Donc me voilà dans les starting-blocs à midi pile, découragée rien qu'à la vue de la vingtaine de personnes qui attendent déjà. Je prends un numéro comme à la boucherie et dix minutes plus tard, c'est à moi d'être servie! Pour la paperasse seulement, ce serait trop beau... Donc la secrétaire prend ma carte soleil (carte vitale) et mon ordonnance, puis m’envoie m'asseoir et patienter..... et patienter..... et patienter....
Au bout d'une heure, j'ai appelé à ma job pour les prévenir que je serai pas mal en retard..... au bout d'une heure et quart, je me suis impatientée et j'ai fait ma maudite française en demandant à la secrétaire si elle pensait que ce serait encore long, elle a quand même eu la gentillesse de vérifier et j'étais la troisième de la pile "à moins que quelqu'un arrive à jeun, à ce moment là on le fait passer avant vous". Heureusement, personne n'est arrivé entre temps, ceci dit, rendu à 13h30, ça fait tard pour être à jeun! Il faut dire, il y a des affiches partout dans la salle d'attente pour informer que l'ordre de passage dépend des analyses à faire et non de l'heure d'arrivée. Mais bon, je pense que 1h30 d'attente, c'est déjà pas mal.
crédit : http://labulle-delili.blogspot.ca
Cependant, il n'y a que moi qui trouvait le temps long! Ça jasait dans la salle d'attente, chacun y allait de sa petite blague ou de sa petite histoire à raconter. En plus, j'avais un emplacement de choix en bout d'allée, j'ai copiné avec trois mamies, avant de sortir ma tablette et reprendre ma lecture (oui j'avais prévu le coup!).

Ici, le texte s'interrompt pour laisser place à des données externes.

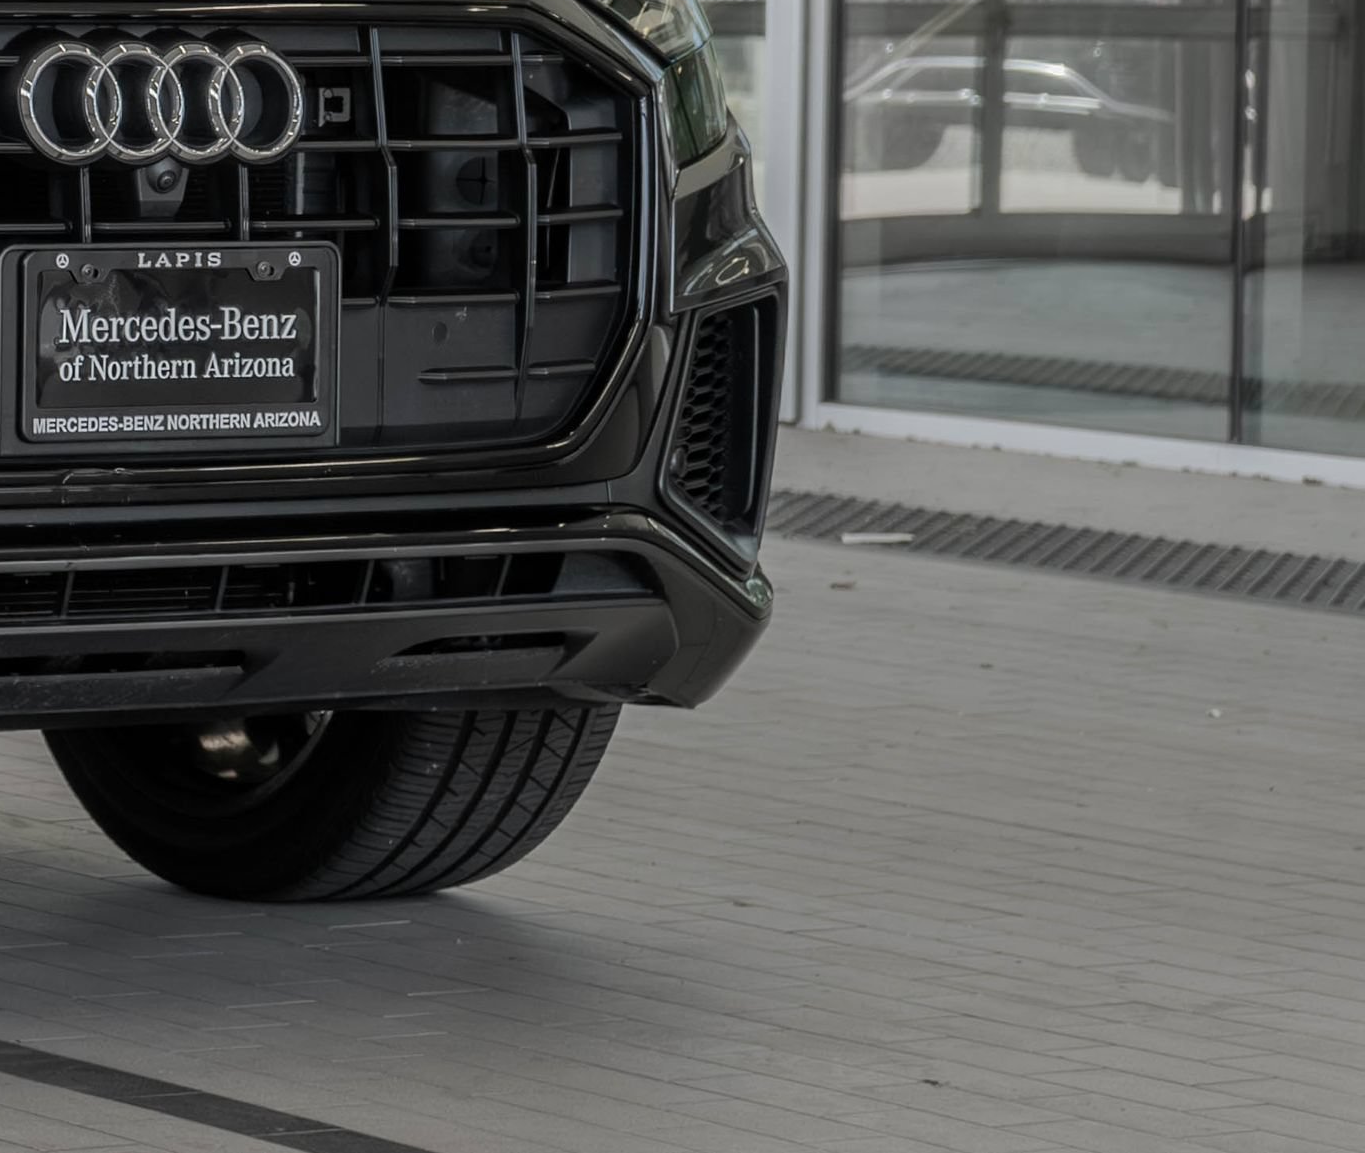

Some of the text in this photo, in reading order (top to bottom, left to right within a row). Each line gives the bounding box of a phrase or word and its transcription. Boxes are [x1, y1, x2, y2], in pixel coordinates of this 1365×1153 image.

Enfin mon tour! Je vous épargne les détails gores de l'aiguille qui ne rentre pas dans la veine du premier coup et le fait que l'infirmière ait du se reprendre à trois fois pour piquer au bon endroit....

Et pour les résultats, particularité Québécoise, le patient n'a pas les résultats à moins d'en faire la demande au médecin qui a prescrit les analyses. Si le médecin n'appelle pas dans les prochains jours, on doit se dire "pas de nouvelles, bonnes nouvelles", et s'il appelle, on se dit "oh *@$&%*.."

Aparté : merci pour vos réactions du post précédent, j'aime ça vous lire!